The four remaining North Korean pilots immediately retreated to the north. The aircraft likely staged at Pyongyang Air Base and informed their superiors. No additional North Korean aircraft were spotted in the area for the rest of the day. By the end of the day the US aircraft from the three squadrons had flown 163 sorties.

== Aftermath ==

The battle was the first air-to-air dogfight between the United Nations and North Korea in the war. The North Koreans were unsuccessful in attempting to shoot down the air transports, and in the end none of the refugees in the evacuation was injured by the North Koreans. In all, the operation saw 2,001 people, including 1,527 US nationals, evacuated from the peninsula ahead of the wider war.

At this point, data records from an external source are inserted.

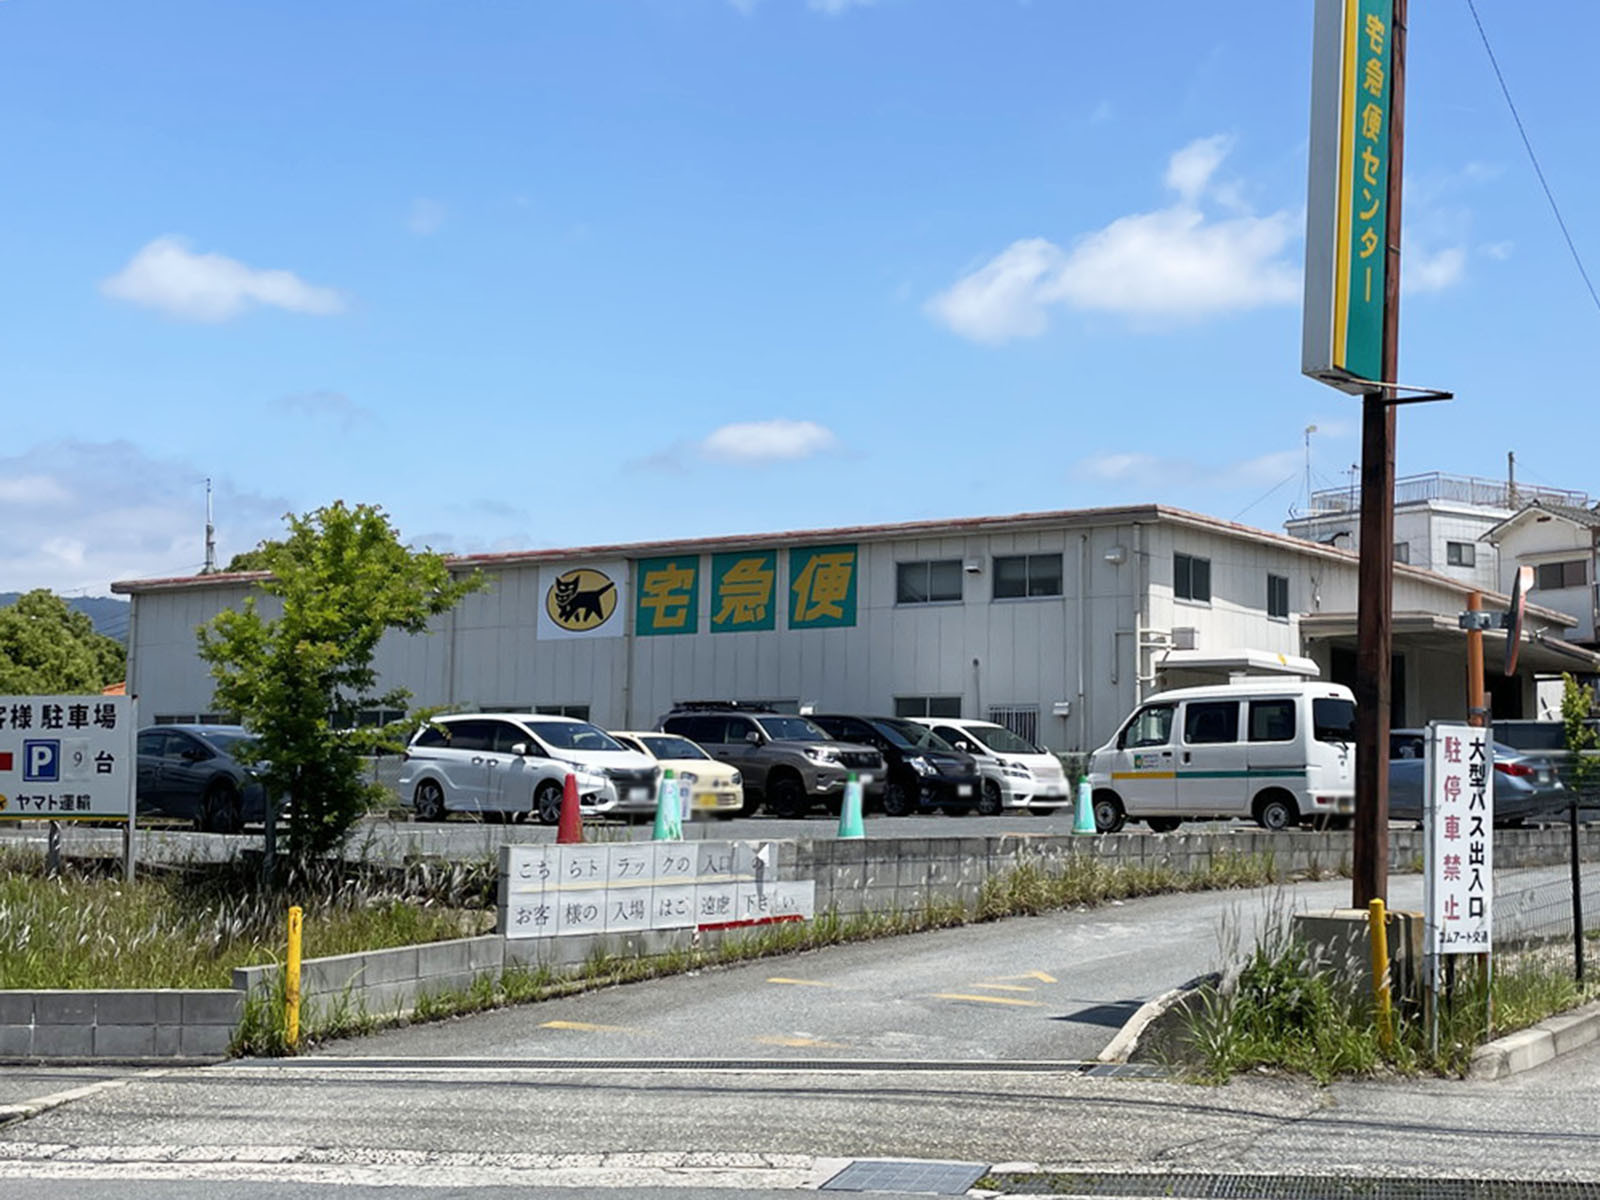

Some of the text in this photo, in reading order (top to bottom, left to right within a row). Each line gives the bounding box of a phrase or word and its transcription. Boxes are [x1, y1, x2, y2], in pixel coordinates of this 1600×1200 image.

[1359, 14, 1386, 302] 宅急便センター
[640, 552, 855, 629] 宅急便
[16, 794, 91, 811] ヤマト運輸
[1443, 736, 1462, 920] 駐停車禁止
[1468, 737, 1486, 919] 大型バス出入口

The battle was also considered a sign of the US's arrival into the Jet Age. The Il-10, which had been considered a high quality and effective conventional aircraft in World War II, had been easily outmatched by the F-80 and its jet engine. The engagement was a rare example of an air-to-air battle at the early phase of the war, and North Korean forces became much more cautious when deploying their aircraft in battle, knowing they were easily outnumbered and outmatched by UN forces. For the next several months, the UN forces enjoyed air supremacy, operating their air forces in support of ground combat virtually unopposed. The public perception of the F-80s, which had to this point been cautious, improved with news of the victories.